Diese Wärme muss aber nicht ungenutzt verpuffen, sie ließe sich ebenfalls verwenden - etwa zum Heizen oder Trocknen. So könnten im günstigsten Fall 80 Prozent der ursprünglich erzeugten Wind- und Sonnenenergie genutzt werden.

Und dann sieht die Bilanz schon deutlich besser aus. Damit wäre das künstliche Methan eine Alternative, um ungenutzte Wind- und Sonnenenergie sinnvoll zu verwerten, sagt Marc-Simon Löffler:

"Zunächst mal wird das Methan ins Gasnetz eingespeist; das Gasnetz dient als Speichermöglichkeit für das erzeugte Methan. Das Methan kann man dann entweder zum Heizen nutzen - im Brennwertkessel beispielsweise in Haushalten; man kann es auch nutzen, um Erdgasfahrzeuge zu betanken; man kann es aber auch nutzen zur Stromerzeugung - das heißt, in Gas- oder Blockheizkraftwerken."

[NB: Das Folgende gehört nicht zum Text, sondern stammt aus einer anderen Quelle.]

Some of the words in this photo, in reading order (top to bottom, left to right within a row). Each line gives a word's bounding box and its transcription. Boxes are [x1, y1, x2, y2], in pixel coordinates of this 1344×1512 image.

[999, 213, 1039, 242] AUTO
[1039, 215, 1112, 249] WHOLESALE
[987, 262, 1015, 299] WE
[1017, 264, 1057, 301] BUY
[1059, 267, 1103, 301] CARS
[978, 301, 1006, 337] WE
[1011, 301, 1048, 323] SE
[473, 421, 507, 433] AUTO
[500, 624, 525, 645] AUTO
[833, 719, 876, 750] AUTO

Das Erdgasnetz als Zwischenspeicher für die Energie, die bei der Produktion von Ökostrom anfällt. Als Speicher kommen auch unterirdische Kavernen in Frage, ebenso ausgebeutete Erdgasfelder.

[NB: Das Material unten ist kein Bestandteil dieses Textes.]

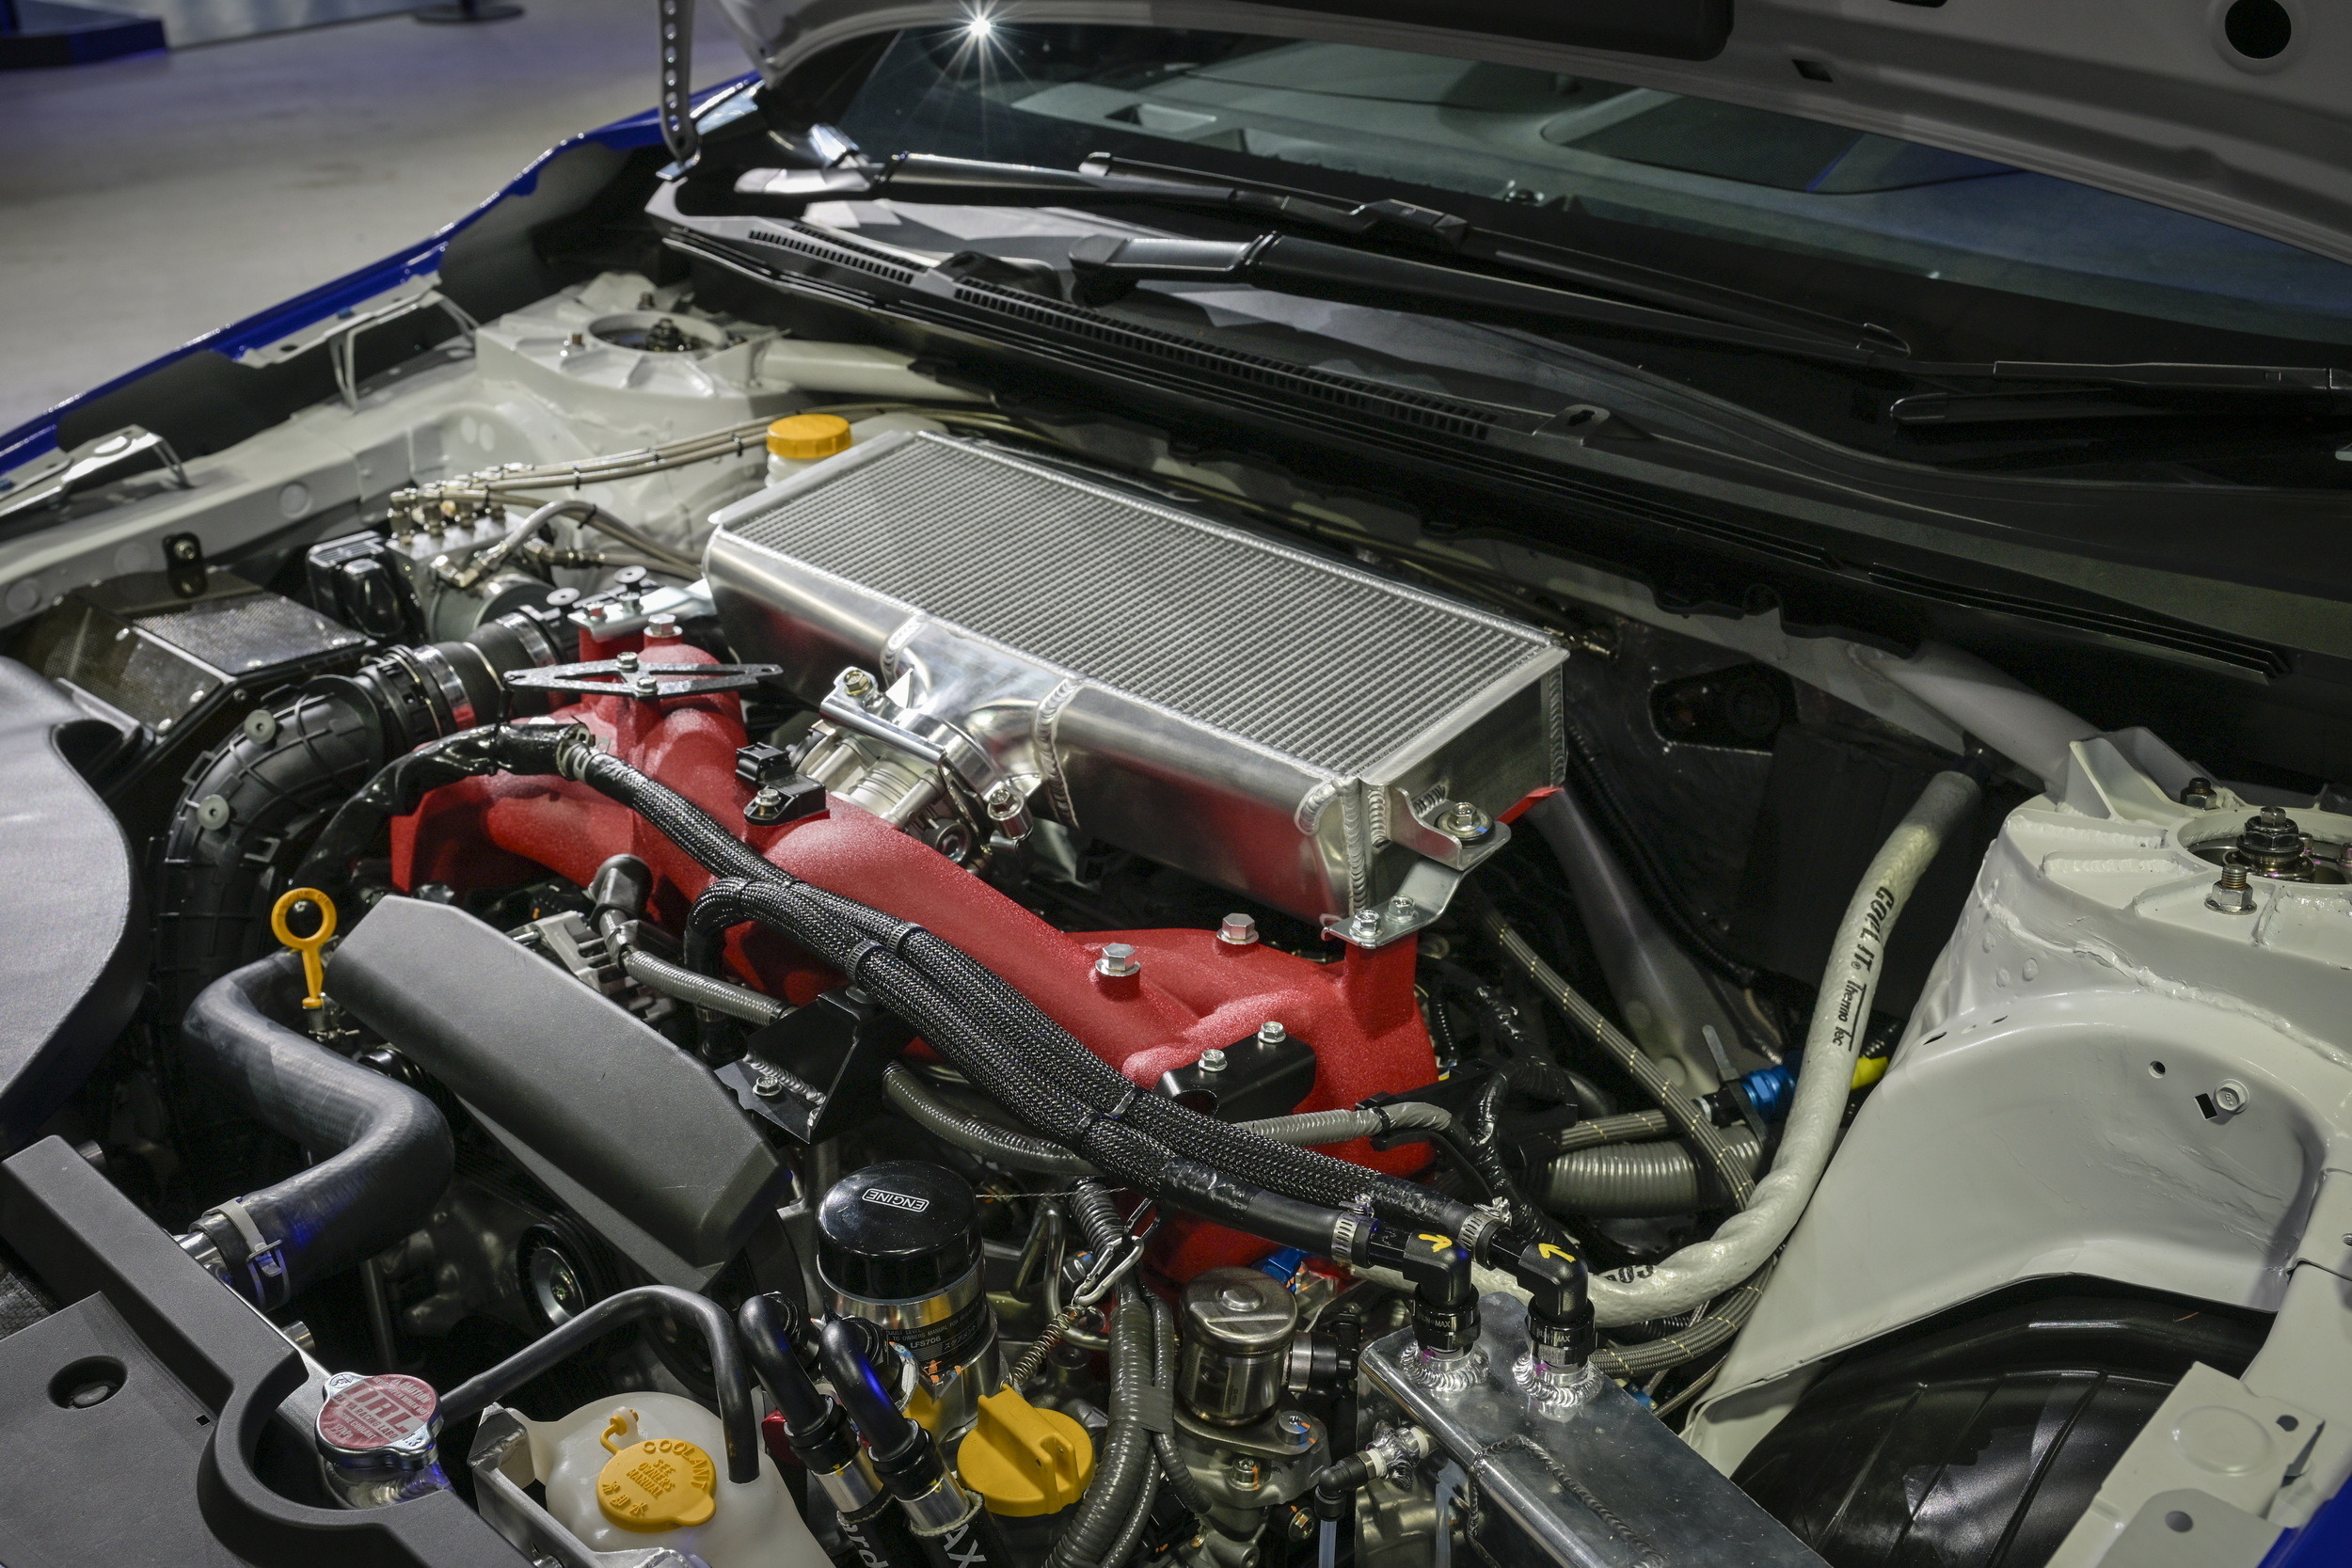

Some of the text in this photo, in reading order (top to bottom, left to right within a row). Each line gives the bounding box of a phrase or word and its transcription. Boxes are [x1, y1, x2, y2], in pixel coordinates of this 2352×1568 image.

Bislang fehlen Lösungen, den Überschuss an Wind- und Sonnenstrom langfristig zu speichern. Batterien und Pumpspeicherkraftwerke taugen da allenfalls als Kurzzeitlösung, meint Michael Specht:

"Die Pumpspeicherkraftwerke sind Speicherkraftwerke, die typischerweise im Stunden- und Tagesrhythmus genutzt werden. Das, was wir machen, diese längerfristige Speicherung von großen Energiemengen zielt im Wesentlichen darauf ab, dass wir im Bereich von Wochen und Monaten, also saisonal speichern. Und um saisonal Energie im großen Stil zu speichern, kommen meines Erachtens ausschließlich chemische Energieträger in Frage; und das ist nun mal der Wasserstoff; eine weitere Möglichkeit ist das Erdgas-Substitut oder aber flüssige Kohlenwasserstoffe."

Künstlich erzeugtes Erdgas als Langzeitspeicher, immer abrufbar, wenn Energie benötigt wird. Und das Speichervolumen des Erdgasnetzes ist in Deutschland immens, weil es mehr als 5.000 Mal so viel Energie fassen kann wie die häufig überforderten Stromtrassen.

Auch beim Energietransport über viele hundert oder gar tausend Kilometer sind Erdgas-Pipelines deutlich überlegen, denn sie können heute bereits 20 bis 30 Mal mehr Energie transportieren als die Stromtrassen. Und solange der Netzausbau stagniert, werden die Engpässe im Stromnetz bestehen bleiben.